Threads of Remembrance: AIDS Resources

Funding in Dallas

Ignorance and fear of AIDS caused discrimination against those with the disease. Many with the disease were shunned from their community groups and families, evicted from housing, and completely isolated while in hospitals for treatment. Many in the Reagan administration refused to acknowledge the disease until 1985, when the crisis was too big to ignore. The Reagan administration, and Nancy Reagan in particular, were adamant about fighting the drug problem in the U.S., which made it impossible to gain funding or research for needle exchange programs, to help curb the spread of AIDS through sharing of needles for intravenous drug use.

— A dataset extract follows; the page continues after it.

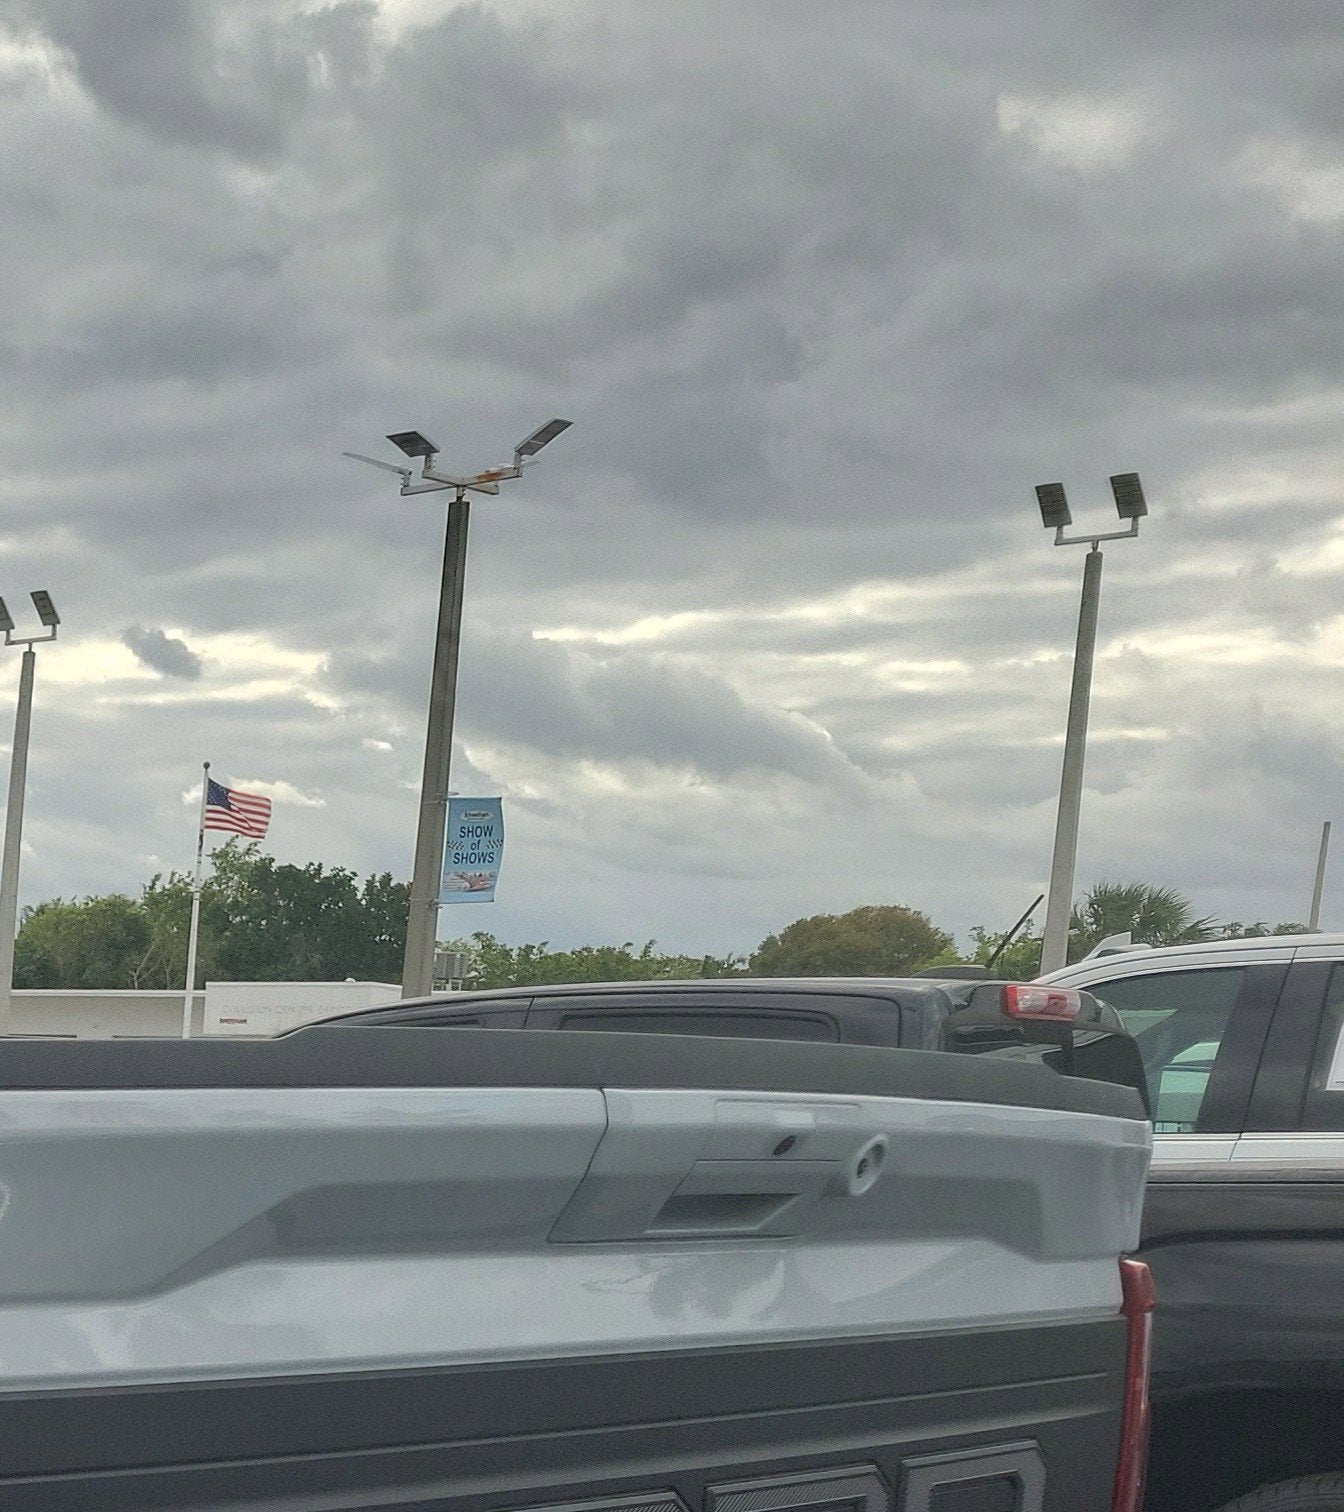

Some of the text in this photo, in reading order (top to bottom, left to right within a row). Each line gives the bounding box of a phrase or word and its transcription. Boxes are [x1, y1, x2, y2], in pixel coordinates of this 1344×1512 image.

[459, 825, 494, 839] SHOW
[470, 840, 481, 852] of
[453, 852, 495, 865] SHOWS

With a lack of federal involvement with the epidemic, state and city governments were slow to provide funding for AIDS resources. The state of Texas was among the worst offenders, and Dallas continually refused funding for local service providers. Because of this, the Gay Urban Truth Squad (GUTS) was formed by members of the Dallas Gay Alliance, and held demonstrations and site installations to bring attention to the number of people who were dying of AIDS. One of their simplest and most effective installations was created in 1988. They utilized an empty lot, which was a giant hole before the City of Dallas spent $500,000 to have it filled in. Members of GUTS hammered in hundreds of white crosses, bearing the names of those who died of AIDS or AIDS related illness, and erected a sign that read, “The City of Dallas spent $500,000 filling this hole. The City of Dallas Spent $55,000 on AIDS. Dallas County AIDS deaths equals 793.” Dallas approved increased AIDS funding to $552,000 the following year.

Public Support

Because there was little government action to help combat this disease, the gay community, the group most affected by the disease, created community-based organizations and activist groups around the country to provide support for those affected by the disease. The earliest AIDS resource in Dallas was the Oak Lawn Counseling Center, founded in 1981 by Harold P. (Howie) Daire and Candy Marcum, which provided educational and patient support services. The most notable organization providing various types of support for AIDS patients was the AIDS Resource Center. Other organizations were created with the intent of raising donations to provide support for AIDS organizations, such as Black Tie Dinner, DIFFA-Dallas, and Razzle Dazzle Dallas.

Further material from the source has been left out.